The term "resurrection" confuses
many people who are not familiar with the teaching of the Church. They read
in the Holy Bible about a first and a second death, or a first and a second
resurrection, and the views that they formulate are many and various. In
this article, we shall attempt to explain this issue in brief, with the aid
of the experience of the saints throughout time.
Spiritual
Death and Spiritual Resurrection
When God made
man “according to the likeness” per His plan, He had also warned man that he must not eat
the fruit of a specific tree. God had said to him: “On the day
that you shall eat from this (tree) you shall die, without fail.” (Genesis
2: 17).
And yet, Adam lived on, for many more years after
he had eaten from that tree. (Genesis
5: 5).
So, what happened? Did God
lie to Adam? Or was God perhaps referring to a different kind of
death, and not the biological death that we are familiar with?
In
Genesis 2: 7,
it says about the creation of man:
“And He (God) blew into his (Adam’s) nostrils the
breath of life, and man became a living soul.” Now, why
does it say “living soul”? Is there such a thing as a “dead
soul”? And if there is, when is a soul “dead”?
The holy
Fathers teach us that the above verse does NOT describe HOW God gave life to a dead body, but that He gave Adam the Holy
Spirit, which vitalized him spiritually. So, when Adam ate
of the forbidden fruit, he lost the Holy Spirit that kept him
spiritually alive and thus became “spiritually dead” – a
“dead soul”.
This is where
we identify the meaning behind the Christian Baptism, which makes
man a living soul again, just as Adam was, prior to his
downfall. We see this phrased in
Ephesians 2: 5,6
also: “And while we
were dead on account of sins, it vitalized us through Christ….and it
resurrected us with Him..”
These words are
spoken by the apostle Paul - without him being biologically dead.

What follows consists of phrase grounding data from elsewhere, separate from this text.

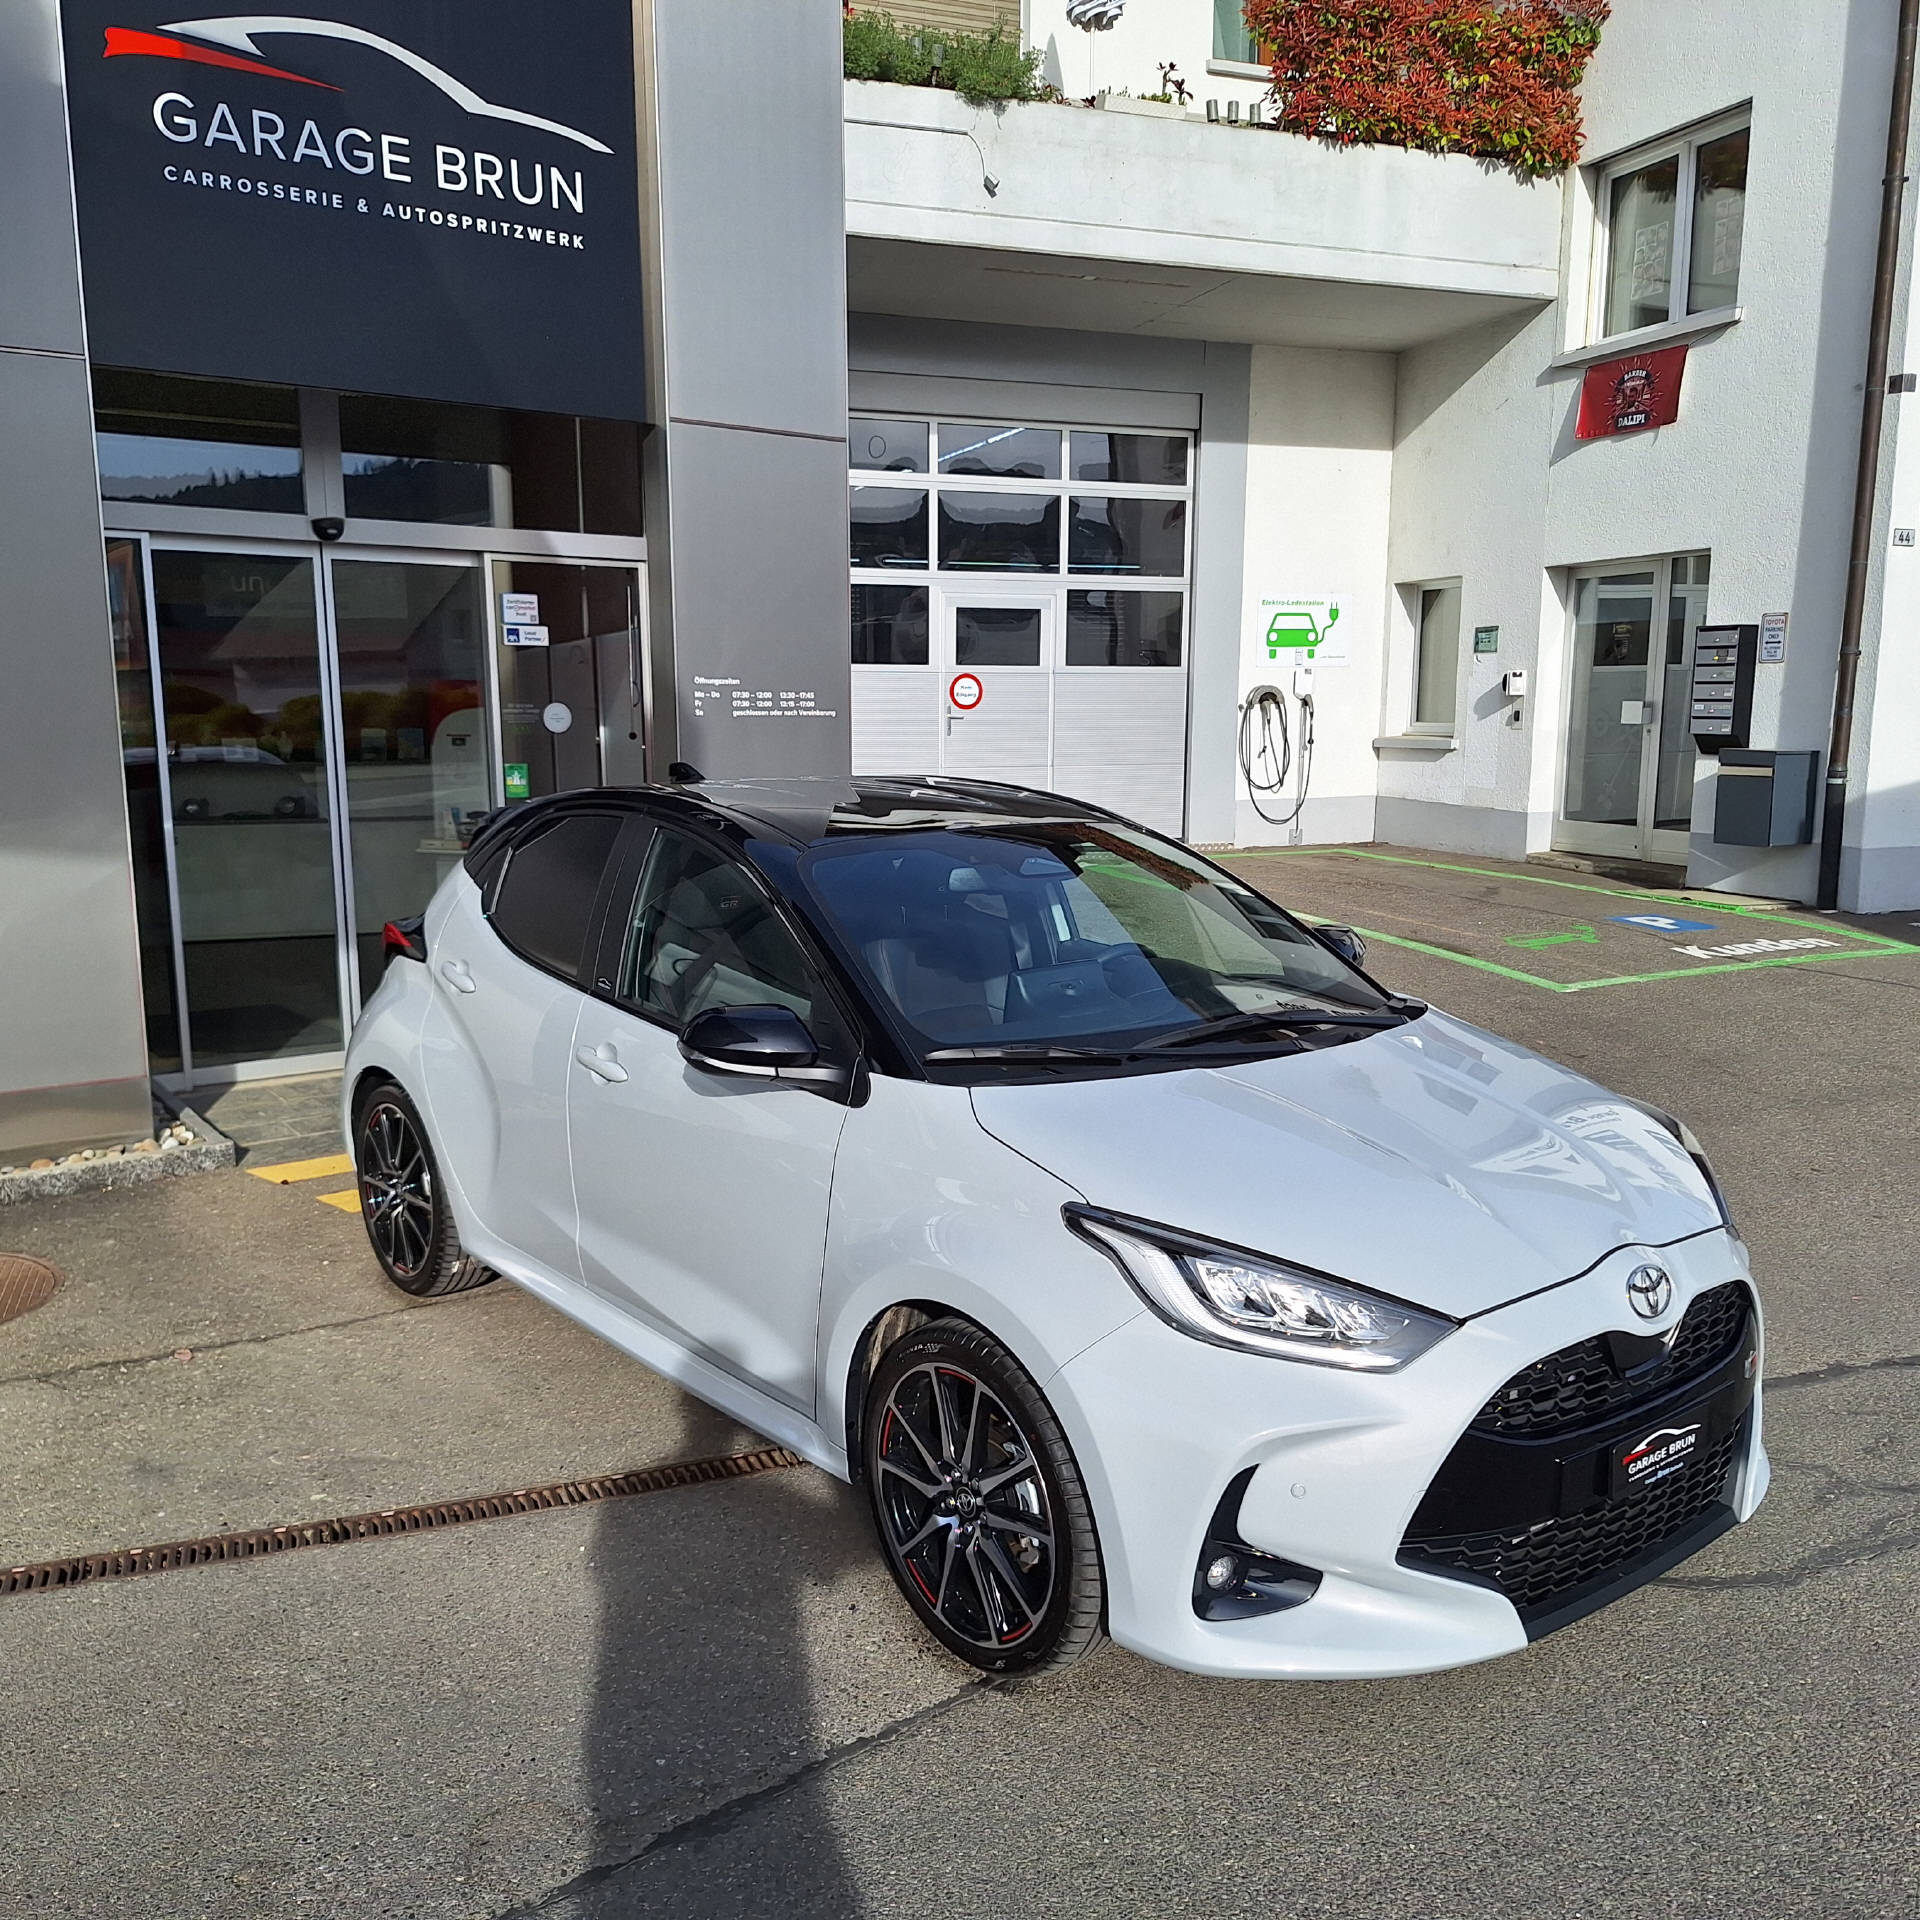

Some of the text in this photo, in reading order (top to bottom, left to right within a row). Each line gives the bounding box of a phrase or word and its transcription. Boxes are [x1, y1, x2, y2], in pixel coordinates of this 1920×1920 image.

[152, 91, 585, 214] GARAGE BRUN
[163, 165, 585, 250] CARROSSERIE & AUTOSPRITZWERK
[1618, 414, 1645, 427] DALIPI
[1898, 530, 1911, 544] 44
[1671, 937, 1842, 960] Kunden
[1628, 1446, 1668, 1475] GARAGE
[1668, 1433, 1696, 1455] BRUN

So he is obviously not speaking of a physical resurrection here,
but a spiritual one.
“Or are you
unaware that those of us who were baptized in Christ, were baptized
into His death? We were therefore buried along with Him, through
this baptism into His death, so that – just as Christ arose from the
dead through the glory of the Father – so shall we walk in a newness
of life. For, if we became conjoined to the likeness of His death,
so we shall also be (conjoined), to His resurrection.
Knowing this, that our old person was co-crucified in order to
abolish the body of sin; that we shall no longer be enslaved to
sin…. so, if we die along with Christ, we believe that we shall (one
day) live with Him.”
(Romans 6:
3 - 8).
With Holy
Baptism therefore, man is resurrected Spiritually. This also
appears in the verse of
Acts 2: 38:
“Repent, I say, and be baptized, each one of you, in the name of
Jesus Christ, for the absolution of your sins, and you shall receive
the gift of the Holy Spirit.”
So, that which
Adam lost when he sinned - which rendered him Spiritually Dead – CAN be attained by man, through Holy Baptism. It is the “gift
of the Holy Spirit”; it is the “rebirth”, of which the
Lord Jesus Christ had spoken to Nicodemus, in
John 3: 3 -
8: “if one is not
born of of water and Spirit, he is not able to enter the kingdom of
God.”
Spiritual Death,
therefore, is when someone loses the Holy Spirit, and
Spiritual Resurrection is when he re-acquires it.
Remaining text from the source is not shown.